Task objective: Could you transcribe every record below exactly as written, excluding the pictures?

The records:
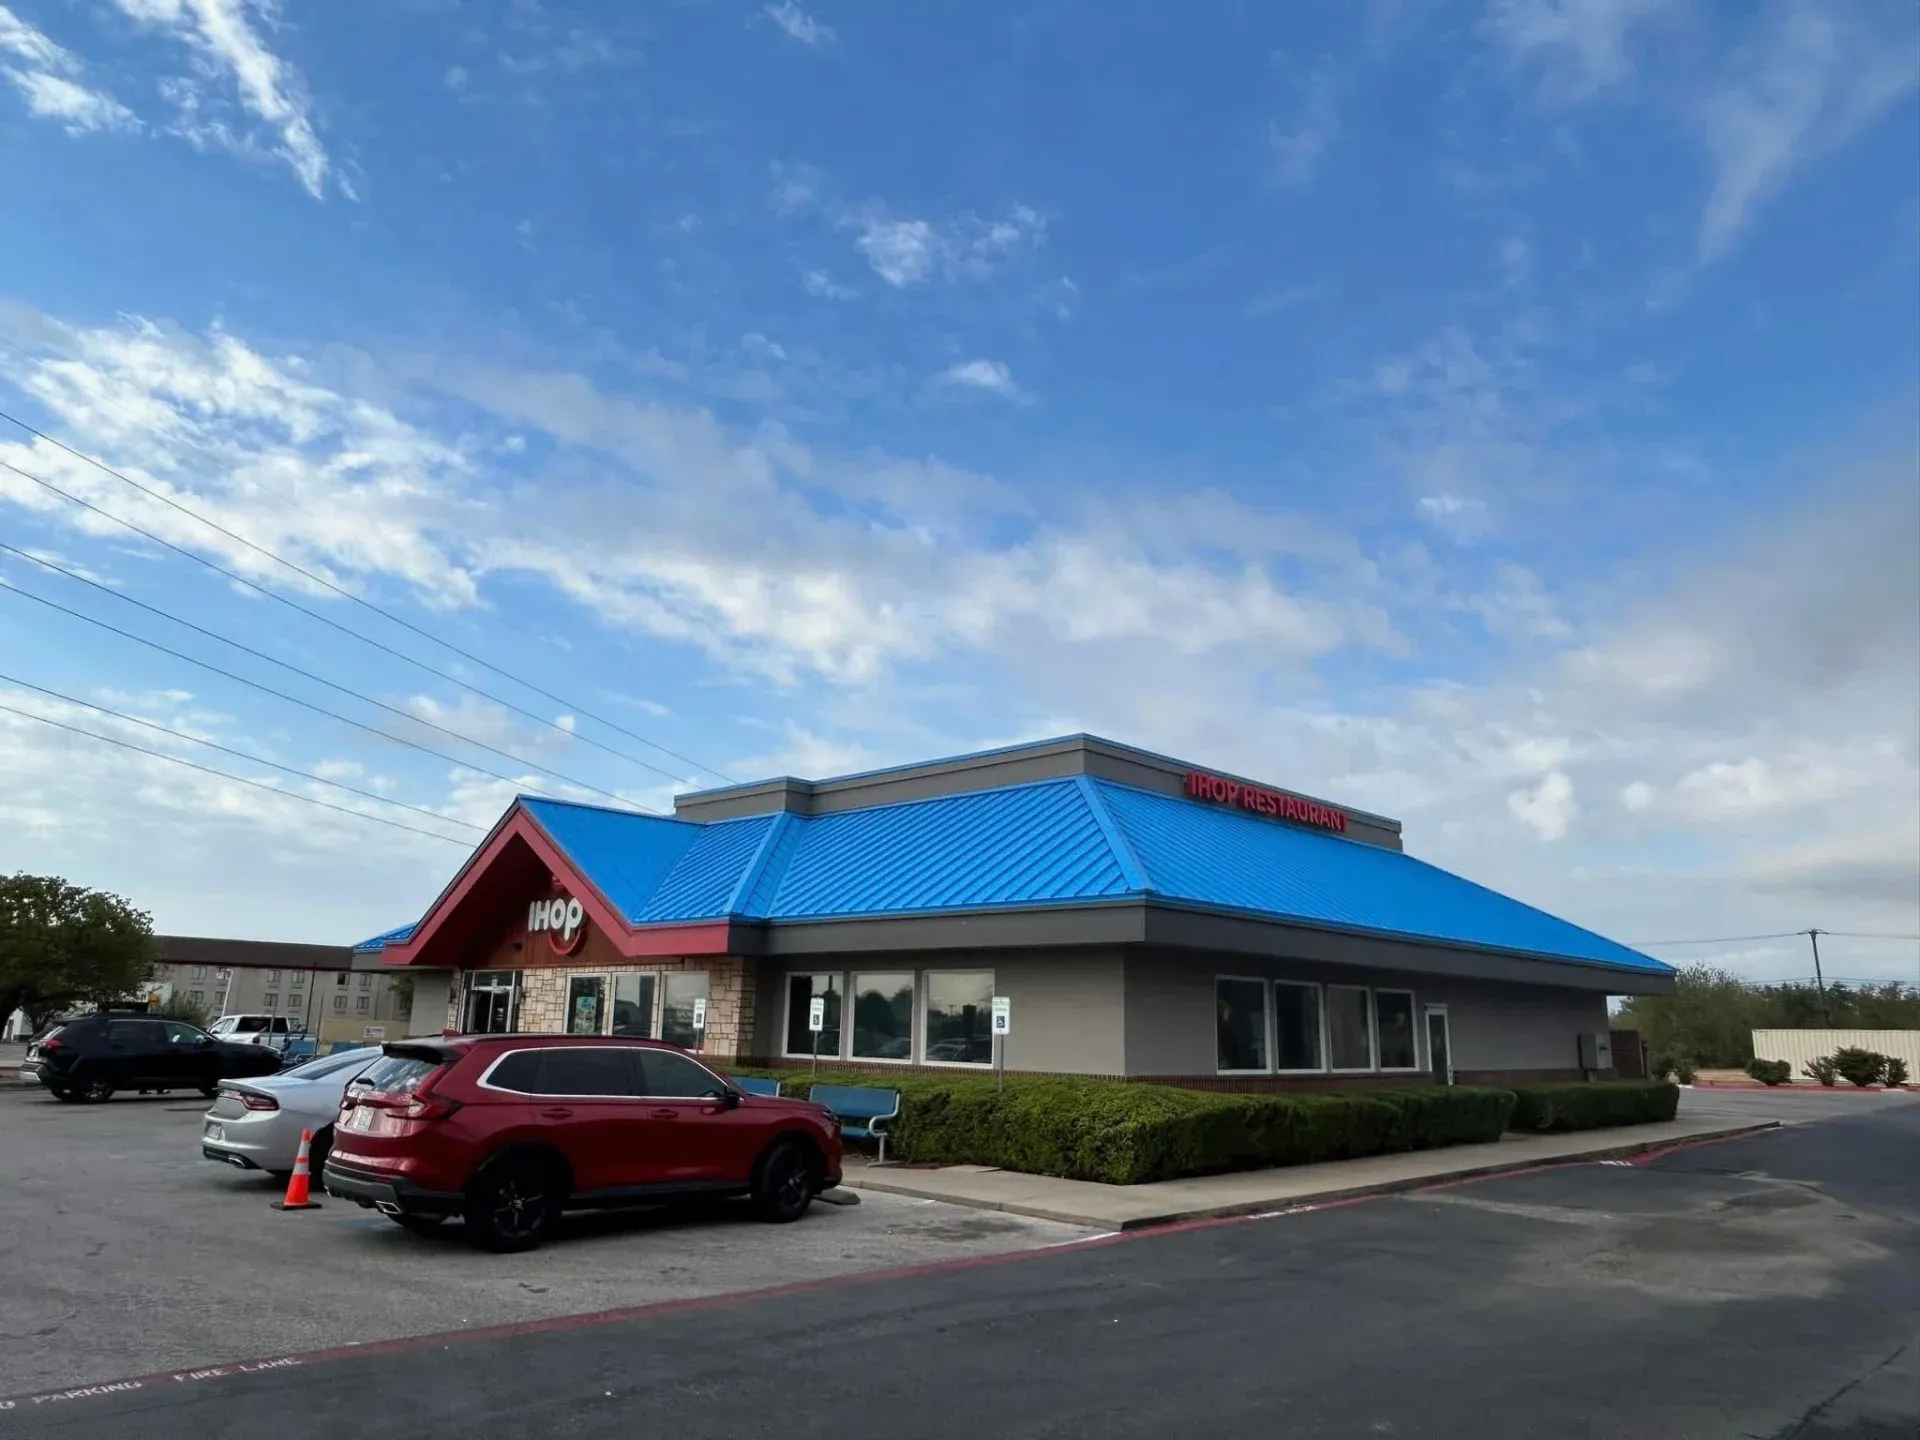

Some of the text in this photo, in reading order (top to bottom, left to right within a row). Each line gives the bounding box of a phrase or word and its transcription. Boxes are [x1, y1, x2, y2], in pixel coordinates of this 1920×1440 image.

[1188, 772, 1238, 803] IHOP
[528, 897, 583, 940] IHOP
[32, 1380, 142, 1403] PARKING
[173, 1367, 229, 1381] FIRE
[239, 1357, 301, 1371] LANE
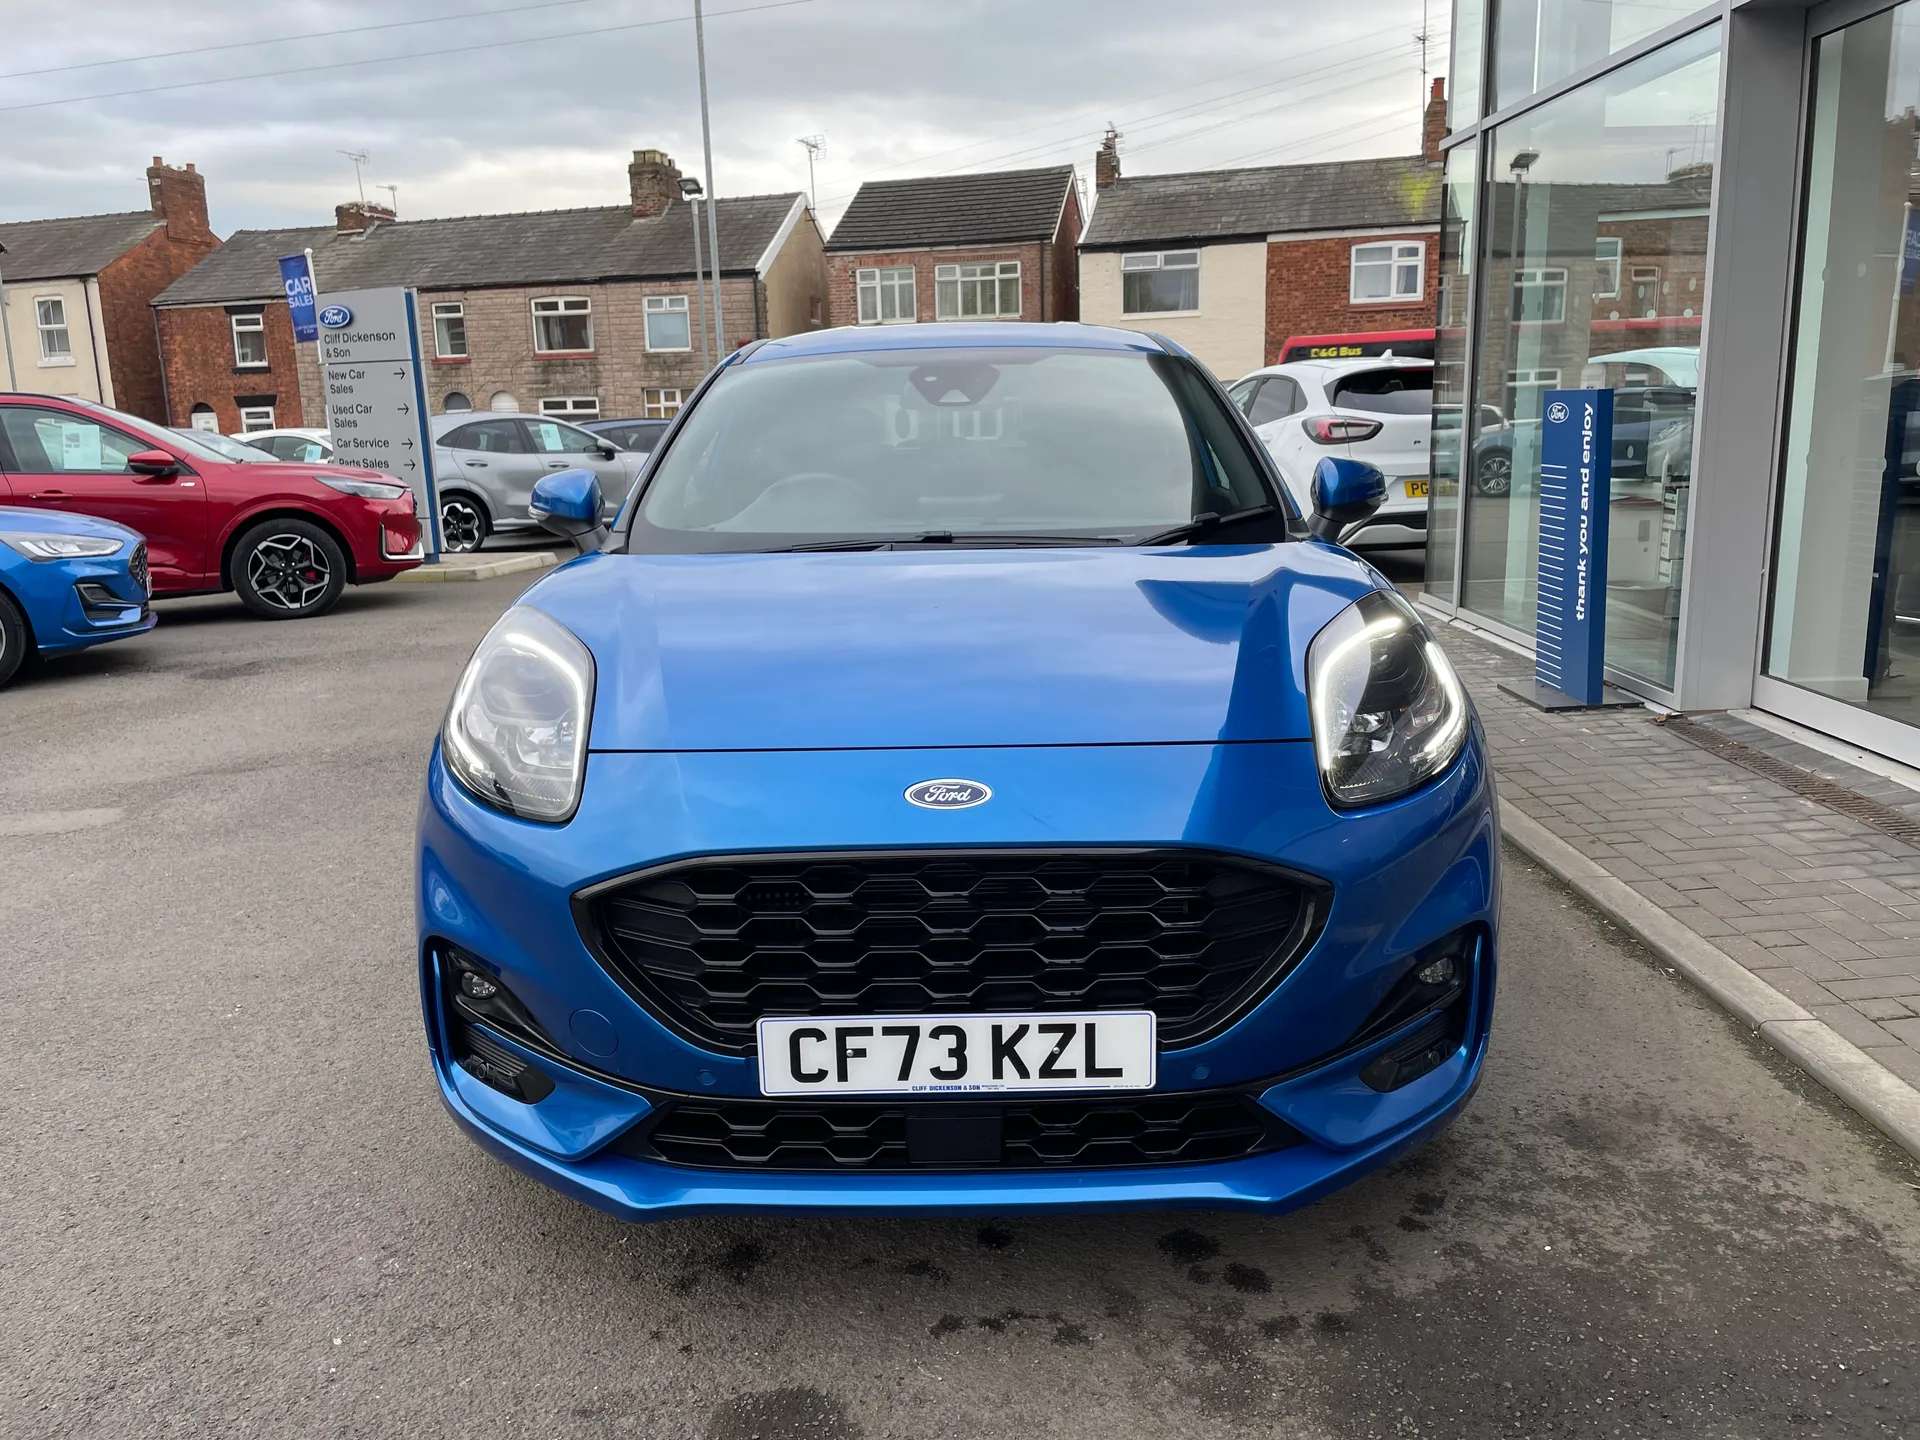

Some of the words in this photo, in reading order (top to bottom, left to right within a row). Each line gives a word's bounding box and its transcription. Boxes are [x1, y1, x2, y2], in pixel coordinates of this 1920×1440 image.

Solution for this problem:
Some of the text in this photo, in reading order (top to bottom, left to right within a row). Each line gives the bounding box of a phrase or word and its transcription. Boxes are [x1, y1, x2, y2], in pixel coordinates of this 1920×1440 image.

[1188, 772, 1238, 803] IHOP
[528, 897, 583, 940] IHOP
[32, 1380, 142, 1403] PARKING
[173, 1367, 229, 1381] FIRE
[239, 1357, 301, 1371] LANE

Some of the words in this photo, in reading order (top to bottom, left to right within a row). Each line gives a word's bounding box and its transcription. Boxes are [x1, y1, x2, y2], in pixel coordinates of this 1920×1440 image.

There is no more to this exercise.